Cryptocurrency Tokens and their Value

As per Coinmarketcap, there are currently 1586 officially recognized cryptocurrencies available on the global marketplace. Each of these cryptocurrencies have their own unique feature whether it be cost-efficient payment processing, adding transparency to supply chains or proof of ownership for a specific asset. Despite the large number of tokens available, there is not an abundance of information on where the value of these tokens are derived from. We are going to touch upon a few of these tokens and provide examples using popular cryptocurrencies currently found within the global marketplace. As a brief tip, It’s important to note many cryptocurrencies can fit within a number of token types.

Token Types

Currency Tokens will be the first token type we analyze. Just as the name suggests, Currency Tokens are designed to be used as a payment mechanism between two parties in exchange for goods purchased or services completed. Simply put, these tokens are a store of value. Trustless payment transactions and transfers can take place without the need of an intermediary (such as a bank), are cost efficient to both parties, and are fairly simple to coordinate. Bitcoin, the original and premier cryptocurrency fits within this niche and provides its users with pseudo anonymous transactions that are all logged on the immutable public ledger known as the blockchain. While Bitcoin may no longer be the most efficient way to transfer funds between parties, it still reigns supreme in the crypto economy as it has the “first mover advantage”, which in turn allowed the coin to be adopted globally by a number of consumers and businesses. In addition to Bitcoin, we have identified a number of other Currency tokens which have the same primary characteristics as Bitcoin. Litecoin (LTC), Nano (Nano), and Stellar Lumens (XLM) are consistently noted as currency tokens with swift payment confirmation times and low fees. At the moment, Nano leads the pack with zero fees and its’ near instant transaction confirmations.

Utility Tokens offer users access to a service or network, where the true value of the token is derived from. A “real world” comparison to how a utility token is used would be how specific tokens give you access to play video games at your local arcade or amusement park. An example of these services in the digital asset realm can include storage solutions for data, incentivized participation and user growth on a platform, or even lowering the fees on an online cryptocurrency exchange. At this stage of the cryptocurrency ecosystem, it is not entirely uncommon to see a utility token created which only acts as a speculative instrument and has no actual use case.
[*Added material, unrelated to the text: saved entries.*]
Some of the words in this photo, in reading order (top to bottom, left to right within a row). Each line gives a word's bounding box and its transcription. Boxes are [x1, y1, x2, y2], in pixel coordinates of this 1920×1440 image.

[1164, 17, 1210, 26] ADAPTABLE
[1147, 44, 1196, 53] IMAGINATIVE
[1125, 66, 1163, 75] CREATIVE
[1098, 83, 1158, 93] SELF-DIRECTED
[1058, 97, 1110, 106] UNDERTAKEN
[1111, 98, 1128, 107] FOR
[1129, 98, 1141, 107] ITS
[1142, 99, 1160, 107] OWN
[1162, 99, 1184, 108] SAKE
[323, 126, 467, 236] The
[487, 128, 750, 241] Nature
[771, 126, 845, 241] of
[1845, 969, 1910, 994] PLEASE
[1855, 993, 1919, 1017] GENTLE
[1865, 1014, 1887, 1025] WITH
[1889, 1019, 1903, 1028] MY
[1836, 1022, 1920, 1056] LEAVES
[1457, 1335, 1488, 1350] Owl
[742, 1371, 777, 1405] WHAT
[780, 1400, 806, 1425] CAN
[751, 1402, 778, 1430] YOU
A few examples of functioning Utility Tokens include Siacoin (SC), Basic Attention Token (BAT) and Binance Coin (BNB). With Siacoin, users can rent out free space on their PC to the Sia decentralized network in exchange for payment in Siacoin. Users looking to purchase extra space on the Sia decentralized network can only do so by paying with Siacoin. The goal for Basic Attention Token is for advertisers to directly target individuals who are interested in their product or service. The users would view/interact with the advertisements and be compensated in BAT. The primary function (at the moment) of Binance Coin is for users on the Binance cryptocurrency exchange to reduce their fees when trading their cryptocurrencies. Further down the road, the Binance team plan to further implement Binance coin into their business plans which includes the creation of a decentralized exchange. The three coins mentioned above are just a few of the many examples of tokens available that offer actual utility to the product they are associated with.
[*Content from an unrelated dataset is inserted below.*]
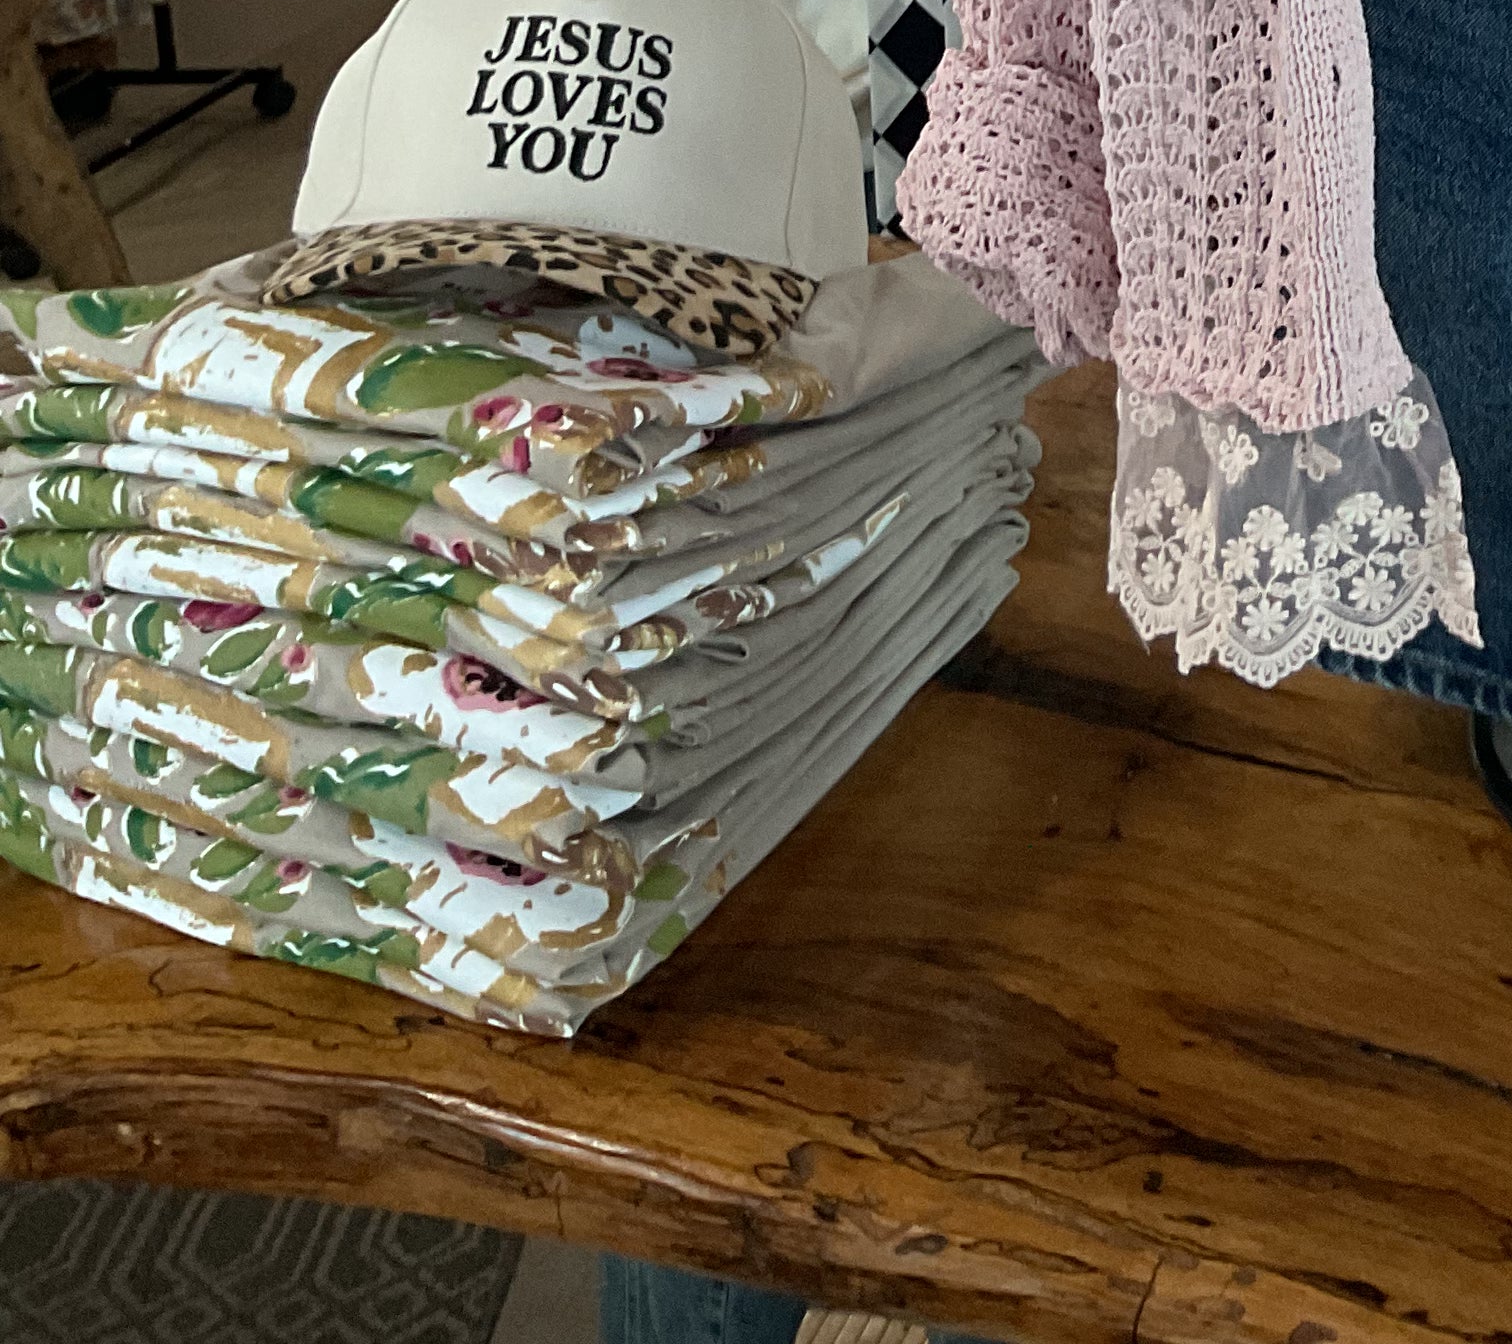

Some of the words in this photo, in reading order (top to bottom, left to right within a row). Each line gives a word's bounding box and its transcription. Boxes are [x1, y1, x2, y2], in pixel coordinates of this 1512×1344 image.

[484, 15, 673, 80] JESUS
[465, 69, 668, 135] LOVES
[486, 122, 620, 183] YOU
Platform Tokens have been crafted to offer outside developers to write smart contracts on top of the specific blockchain. These smart contracts allow for both ICOs (initial token offerings) and DAPPS (decentralized applications) to be created on the platform. The most known and used platform at the moment is Ethereum, which uses the Ether token as “gas” to power the network. There have been hundreds of coin offerings launched on the Ethereum platform, bringing in billions of dollars worldwide. EOS alone brought in $4 Billion during its yearlong coin offering from June 2017 through June 2018 to help expedite the launch of their own blockchain platform. As previously mentioned, Ethereum also hosts a variety of decentralized applications (DAPPS) on the platform. While the dapps are not tremendously advanced, they still garner a large following. We have listed a few examples below:
  • Decentralized Exchanges (includes the well-known IDEX and ForkDelta exchanges)
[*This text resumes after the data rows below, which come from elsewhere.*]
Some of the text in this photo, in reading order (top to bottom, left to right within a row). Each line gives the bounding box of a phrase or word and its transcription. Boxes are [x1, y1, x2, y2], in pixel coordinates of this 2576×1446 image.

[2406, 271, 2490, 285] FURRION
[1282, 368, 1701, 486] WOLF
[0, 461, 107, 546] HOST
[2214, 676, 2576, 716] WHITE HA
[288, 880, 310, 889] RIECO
  • Online Gambling (Casino games, dice rolling, and sports betting reign supreme here)
  • Cryptokitties (Collect, trade and breed non-replicable cats. The cats themselves are ERC-721 tokens)
  • Local Ethereum (person to person buying and selling of Ether via smart contracts)
Other popular platform tokens include NEO, Cardano and NEM. Reasons for choosing the aforementioned platforms over Ethereum include scalability and easier coding languages that can be used on the platform. As blockchain technology continues to advance over time, platform tokens are sure to continue to build upon the fundamental base platforms such as Ethereum have introduced to the blockchain/cryptocurrency community.